Language Maintenance through Spaced Repetition

Language maintenance is just as important as second language acquisition (SLA), and yet, while the latter is hammered into us in school and many of us pursue it in our free time, a lot more attention could stand to be given to the former. Maintaining linguistic knowledge is a skill, and like any other skill, it can be learned and taught. Like any other ability, we're born with a certain (possibly very small) natural talent at it, and like any other ability, if we leave it untrained, it'll never improve. In the U.S., most four-year degree holders have enjoyed a semester or two of Spanish, French, German or whatever, but how many have had a semester in the art of remembering what they've learned?
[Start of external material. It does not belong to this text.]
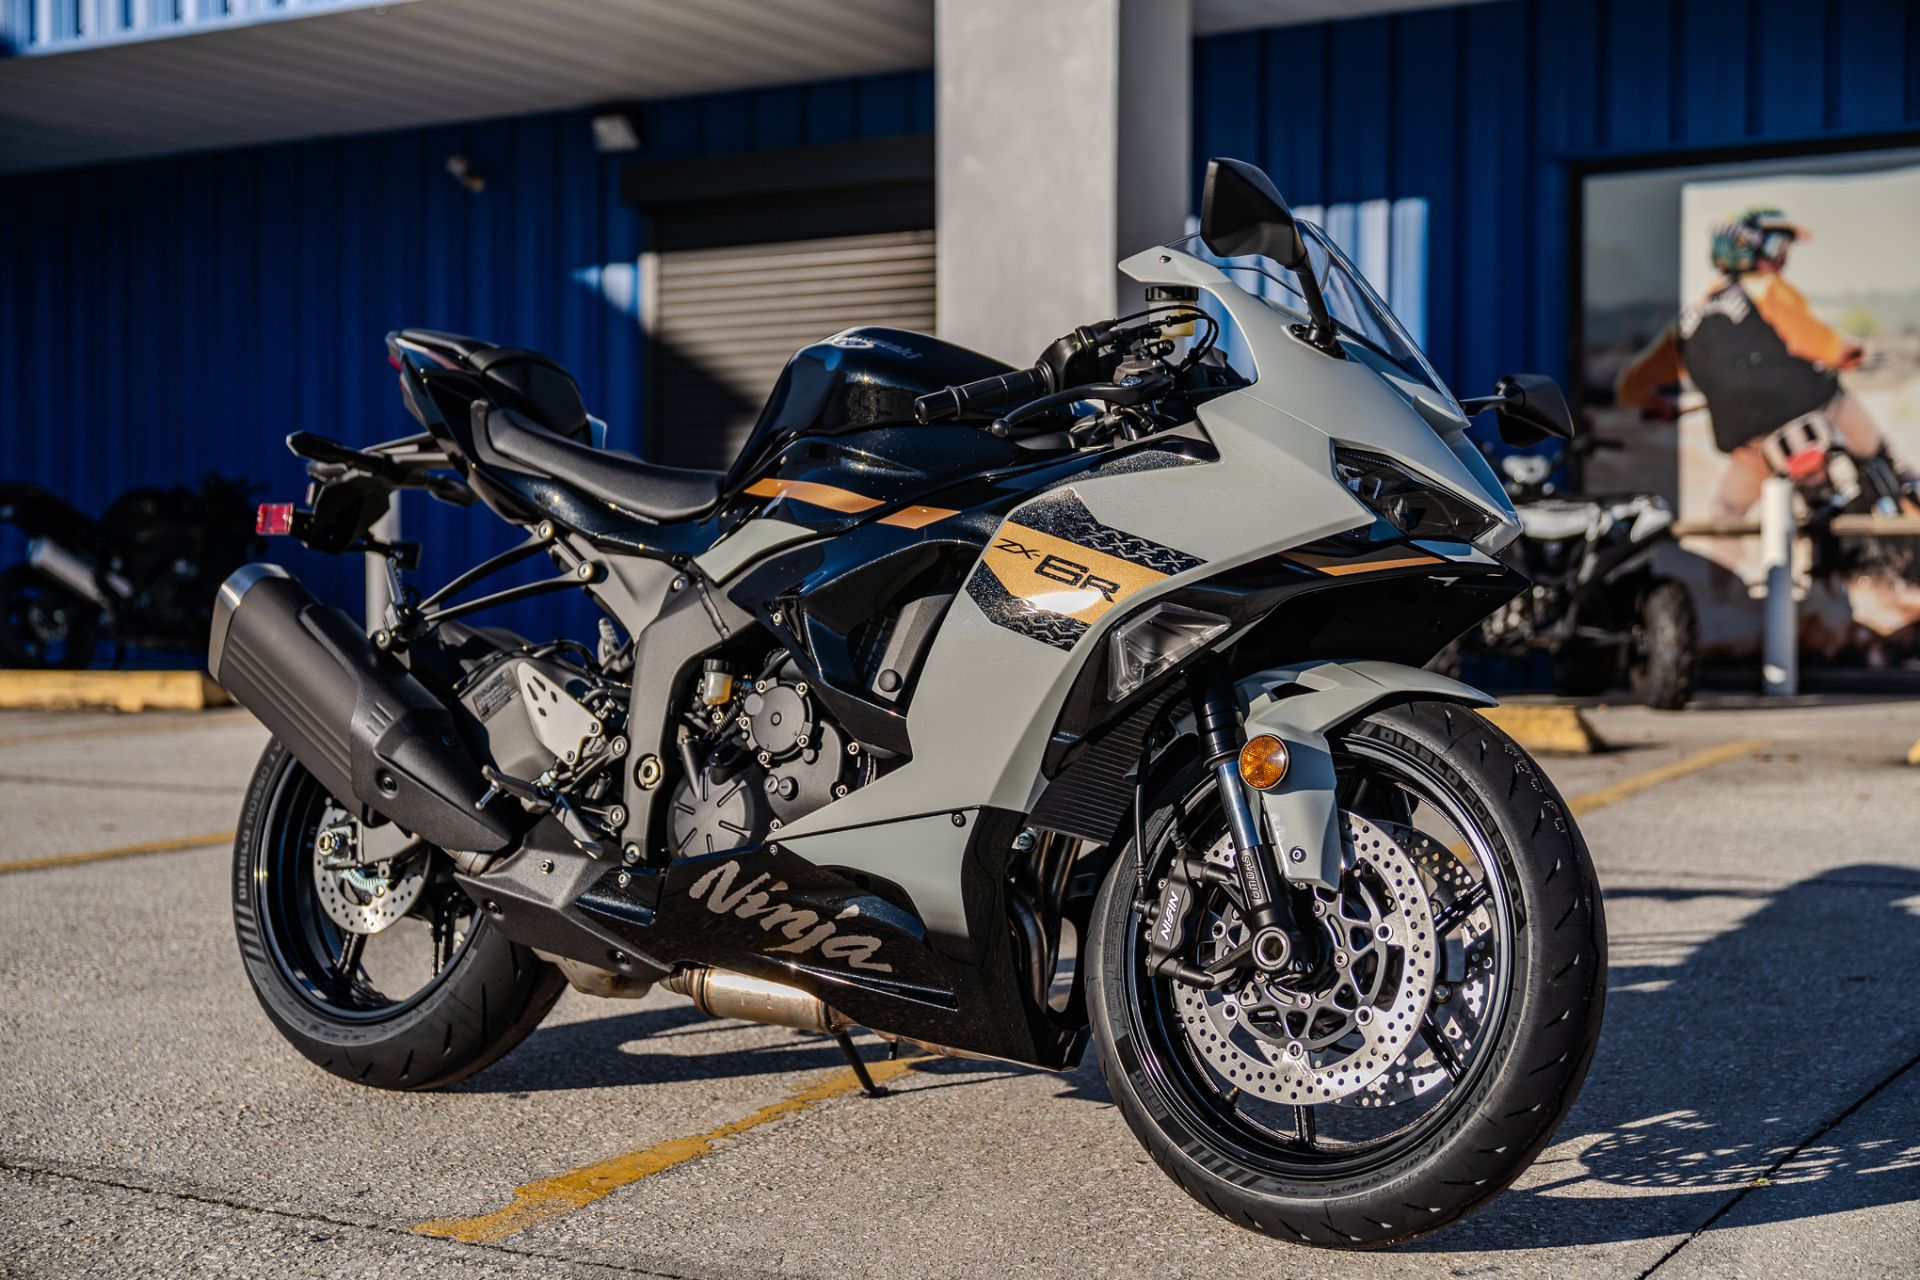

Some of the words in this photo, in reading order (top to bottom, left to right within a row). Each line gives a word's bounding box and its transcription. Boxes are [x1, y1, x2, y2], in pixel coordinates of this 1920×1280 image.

[1241, 854, 1262, 899] SHOWA
[688, 859, 893, 973] Ninja
[1160, 890, 1179, 941] NISSIN
The best way to maintain any sort of rote memorized material is through the modern technology of the spaced repetition system (SRS). An SRS is a flashcard program with a twist: after you enter your flashcards, when you review them, you rate them based on how easily you remembered. The program then uses your answers to optimize the order in which cards are displayed to you. When you remember something better, it should show up less often. When something is troubling you, you'll benefit by reviewing it more often. The old-school technique to do this was to weed cards out of your flashdeck, but the whole problem with preserving learned knowledge is that however well you know it now, when it slips out of your reality, it'll eventually fade. With the new technology, a card is never completely removed, it just gets "spaced" out more and more.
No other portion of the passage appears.